Californians Return Home After Wildfires

``Everything we've worked for 37 years is gone,'' said Diana Thornton, who lived in Cedarpines Park, one of many mountain communities ravaged by the flames.
Nov. 3, 2003
3 min read
BIG BEAR LAKE, Calif. (AP) -- It took decades for Diana and Larry Thornton to earn their retirement dream home, a 2,400-square-foot getaway nestled in the San Bernardino Mountains. It took just hours for that house and all those years of hard work to go up in flames.

The Thorntons' home was one of more than 850 destroyed by a wildfire that burned across more than 91,000 acres in and near the San Bernardino National Forest.

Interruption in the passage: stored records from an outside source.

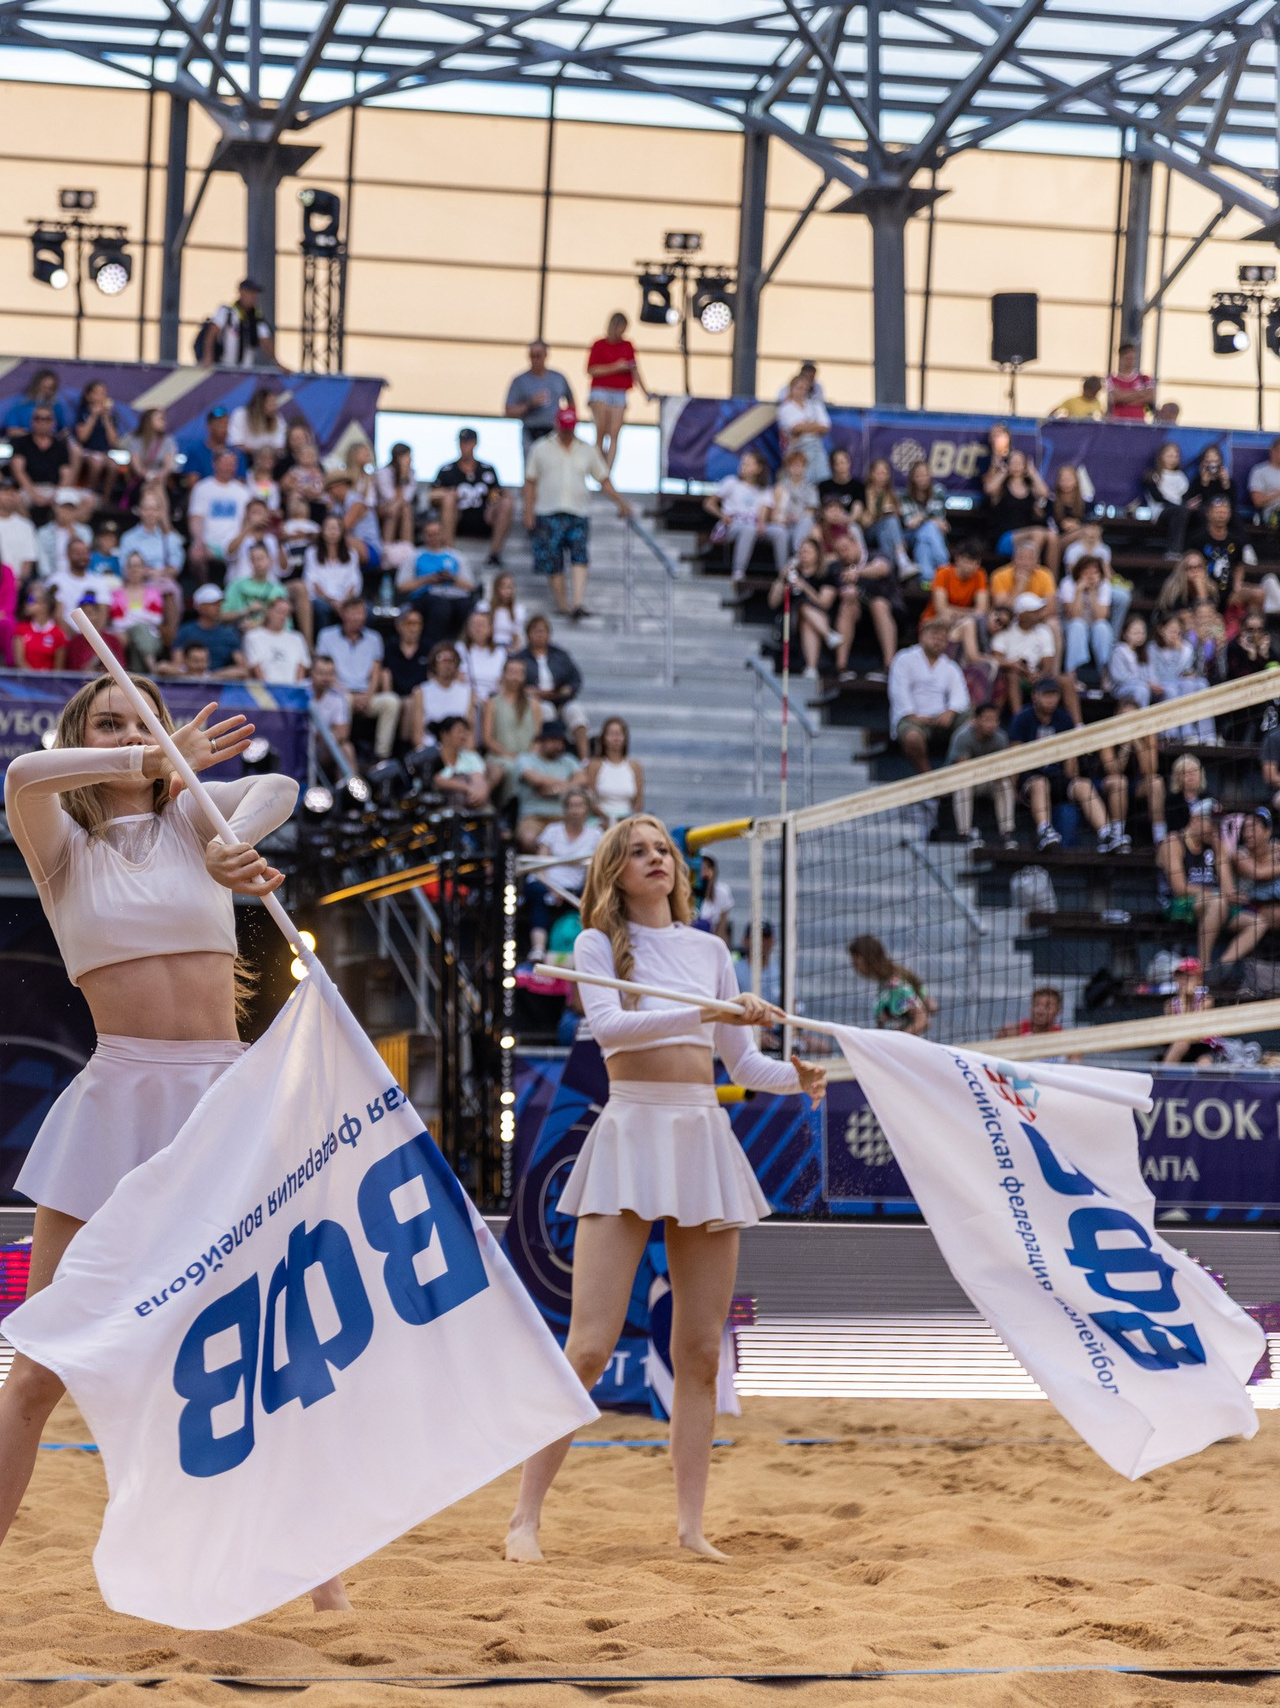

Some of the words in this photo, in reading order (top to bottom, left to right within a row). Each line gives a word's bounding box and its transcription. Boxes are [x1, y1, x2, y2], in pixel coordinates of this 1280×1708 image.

[267, 1113, 361, 1216] федерация
[1134, 1097, 1264, 1141] УБОК
[1140, 1155, 1200, 1182] АПА
[134, 1203, 263, 1318] волейбола
[173, 1131, 490, 1479] ВФВ
[999, 1176, 1053, 1291] федерация
[1054, 1296, 1119, 1395] олейбол

The couple were among a wave of evacuees allowed back into their neighborhood Sunday.

``Everything we've worked for 37 years is gone,'' said Diana Thornton, who lived in Cedarpines Park, one of many mountain communities ravaged by the flames.

The fire was one of a handful of huge blazes that have killed 20 people, destroyed more than 3,400 homes and scorched more than 750,000 acres since igniting around Southern California nearly two weeks ago. After days of devastation, firefighters, aided by cooler, calmer weather, began getting the upper hand on most of them over the weekend.

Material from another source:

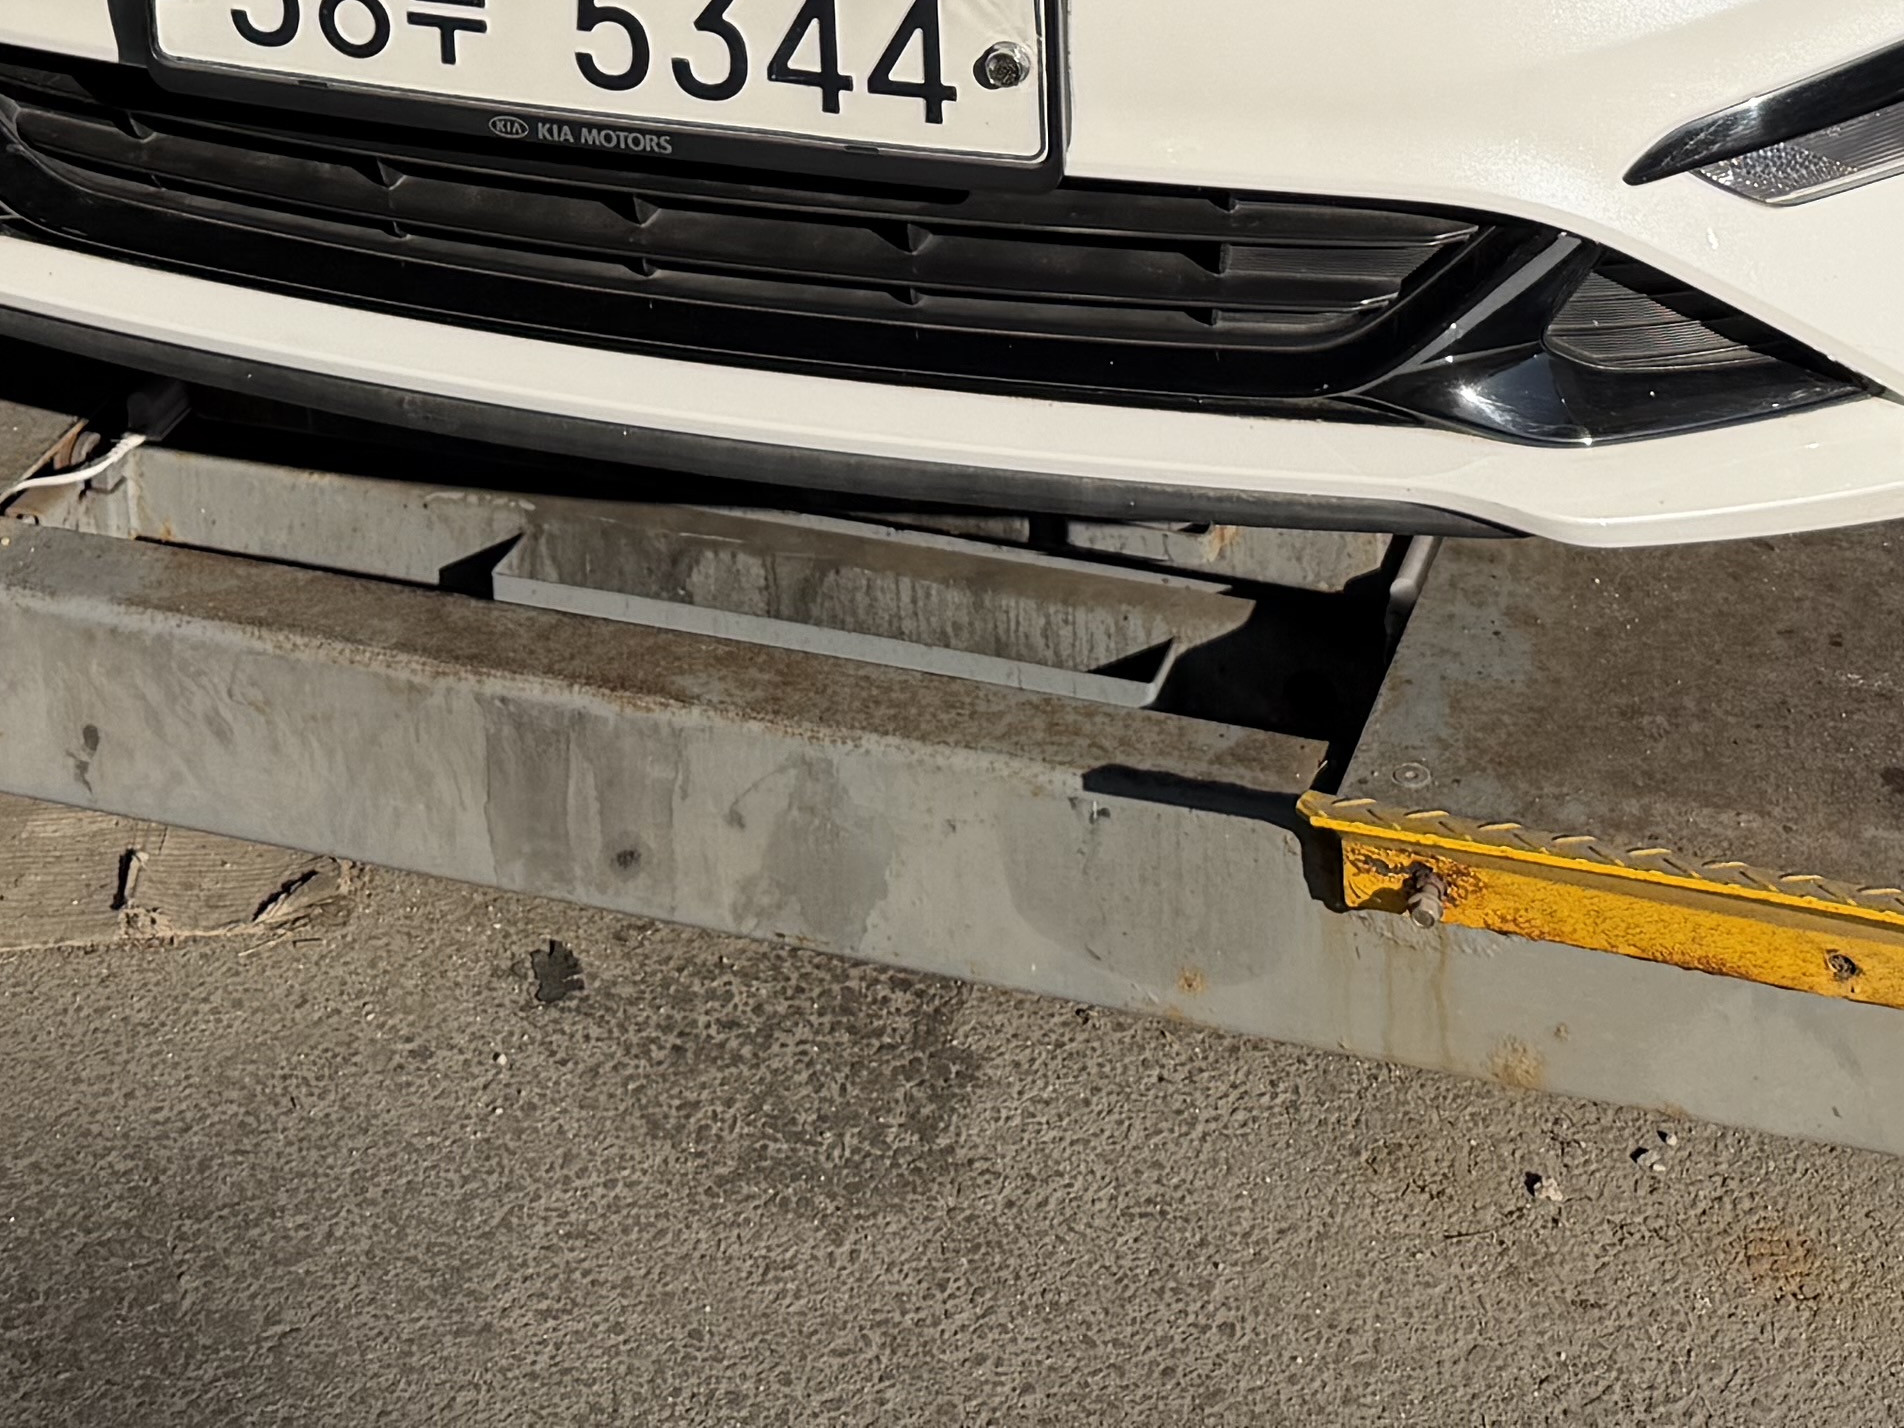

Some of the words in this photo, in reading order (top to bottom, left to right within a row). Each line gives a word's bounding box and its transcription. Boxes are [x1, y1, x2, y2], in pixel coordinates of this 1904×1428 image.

[496, 120, 524, 135] KIA
[537, 122, 574, 143] KIA
[580, 127, 673, 154] MOTORS

By early Monday, the fire that devastated the Thorntons' home was 78 percent contained and a nearby blaze was 95 percent contained. In San Diego County, a 281,000-acre fire _ the largest individual blaze in California history _ was 90 percent contained.

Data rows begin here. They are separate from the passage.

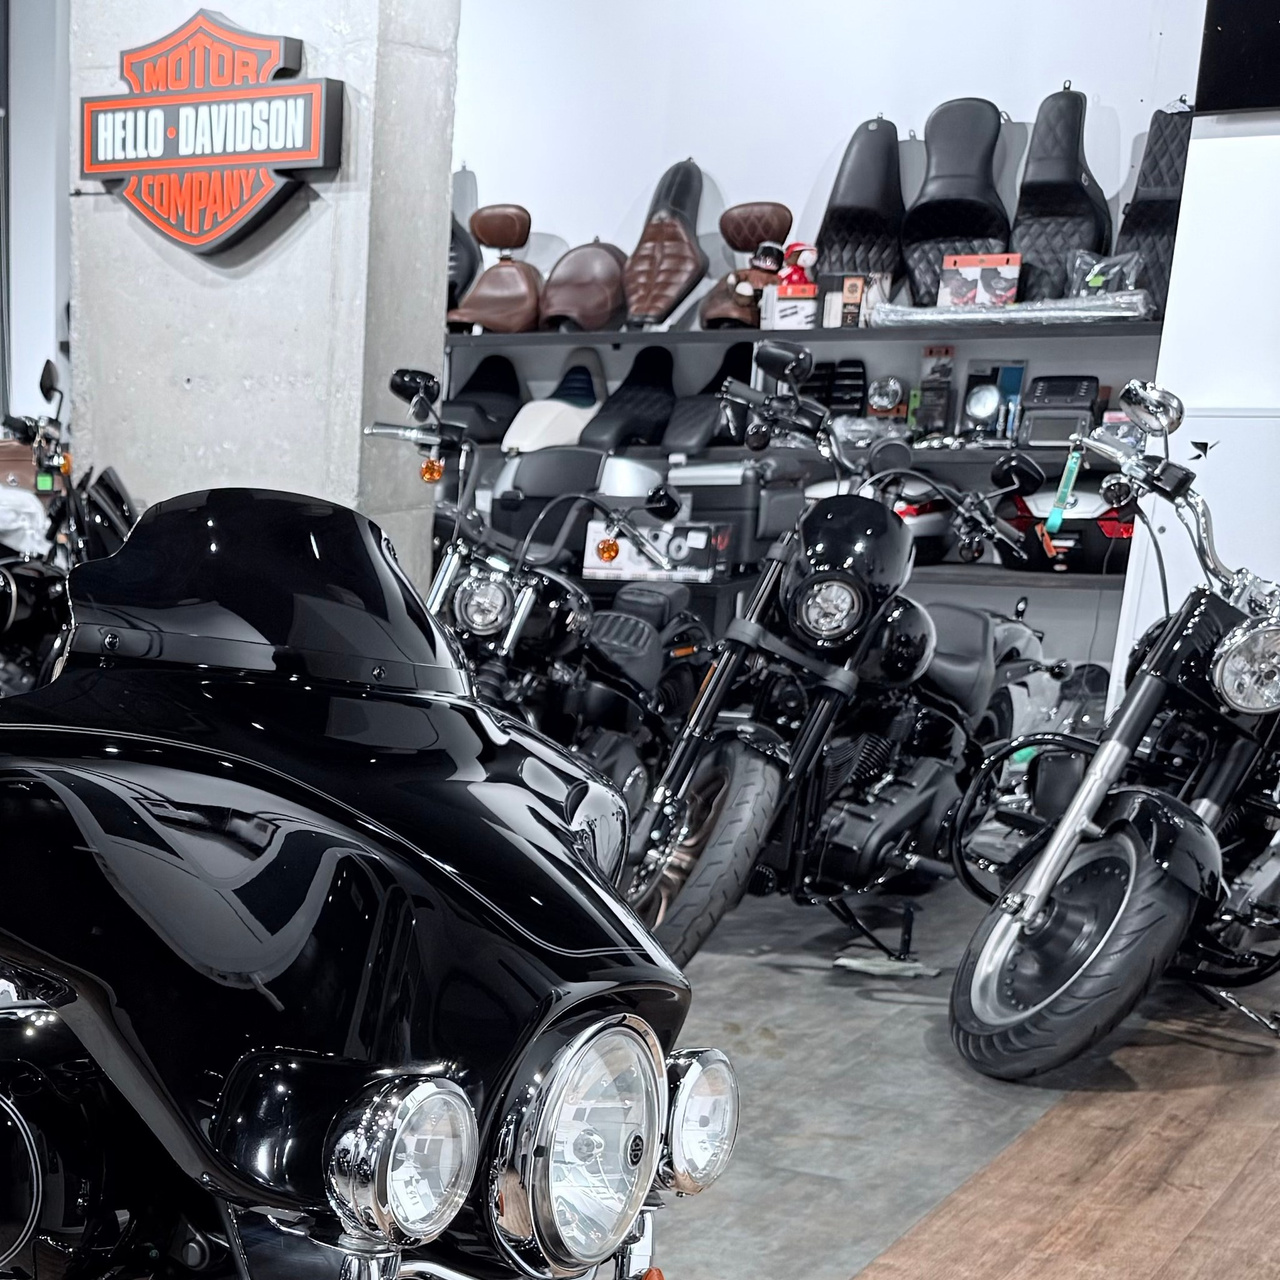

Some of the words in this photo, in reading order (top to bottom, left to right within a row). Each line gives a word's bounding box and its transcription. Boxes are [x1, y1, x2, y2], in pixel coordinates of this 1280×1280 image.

[143, 32, 258, 93] MOTOR
[97, 108, 165, 161] HELLO
[178, 98, 305, 156] DAVIDSON
[141, 168, 257, 234] COMPANY
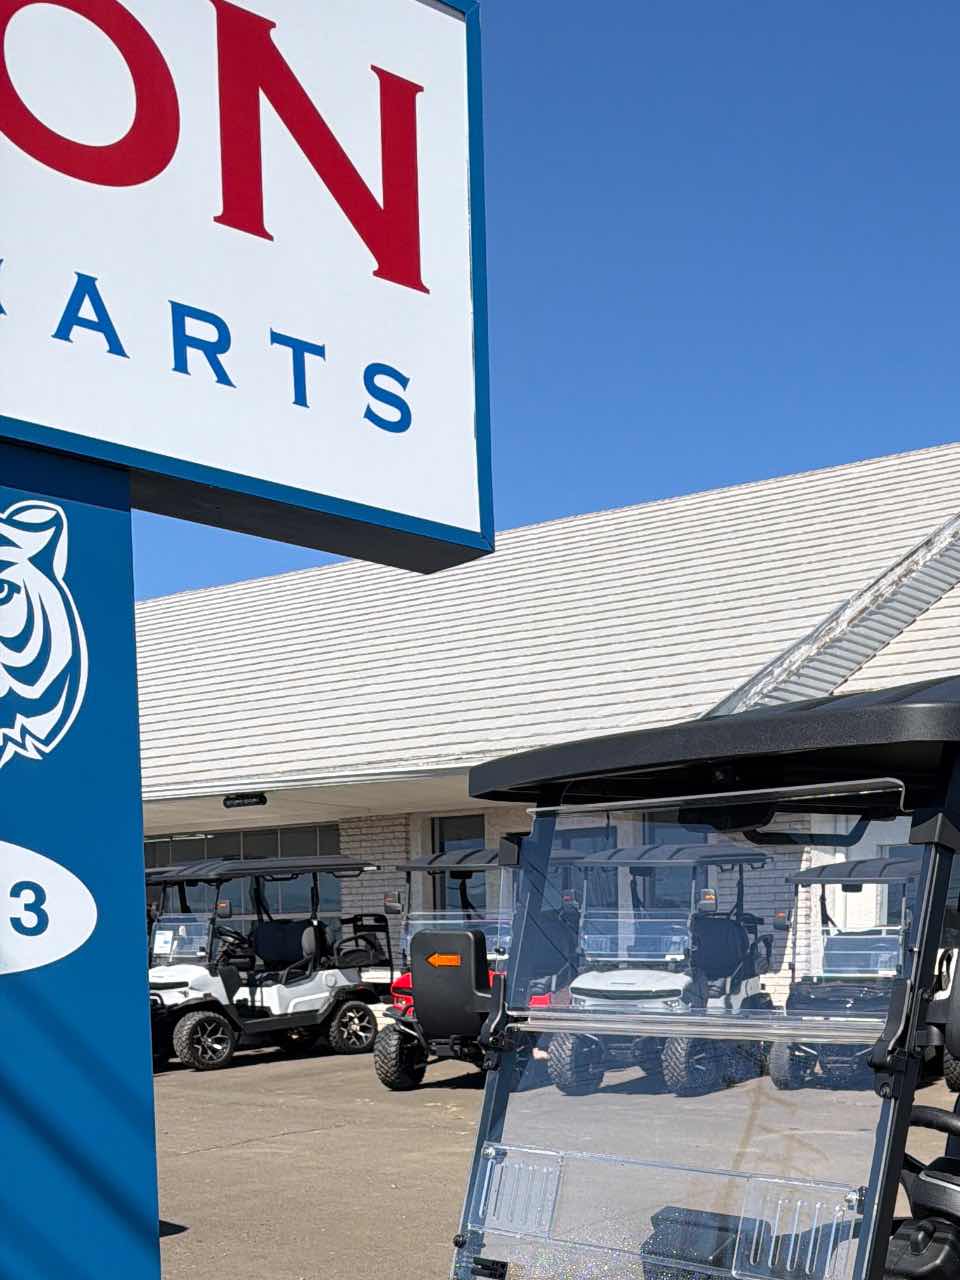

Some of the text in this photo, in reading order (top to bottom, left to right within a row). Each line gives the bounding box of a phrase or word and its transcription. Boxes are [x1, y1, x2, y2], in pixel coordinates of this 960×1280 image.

[0, 0, 429, 294] ON
[0, 258, 413, 434] ARTS
[9, 880, 50, 937] 3

Other large blazes included a fire in San Diego County, which was 75 percent contained; and a Ventura County blaze that was 80 percent contained. A fire in Simi Valley was fully contained.

The progress was of little solace to the Thorntons and others like them.

``This was our retirement dream house,'' said Larry Thornton, a former Navy seal and Vietnam veteran. ``All the stuff I went through in Vietnam, and I came back OK from that... this is just about as devastating.''

One of their neighbors, Kim Thurman, returned to find nothing left of the turn-of-the-century cabin she had lived in for 22 years but ashes and charred wood.

``I have cried and cried. I go through periods of incredible optimism and so much sadness that it goes right down and it hurts my toenails,'' said Thurman, 55.

``These are just things. I have all these memories in my heart,'' she added as she dug through the rubble with her leather-gloved hands. She managed to save some gardening tools hanging from a fence and discovered four ceramic squirrels her mother gave her.

``Your identity, your security, your safety, it's all your home, and when it's gone... `` Thurman said, trailing off.

She paused, swallowed hard and shook her head: ``All of a sudden, nothing feels real.''

Irene Franklin, of Crestline, was one of the lucky ones; her home was unscathed.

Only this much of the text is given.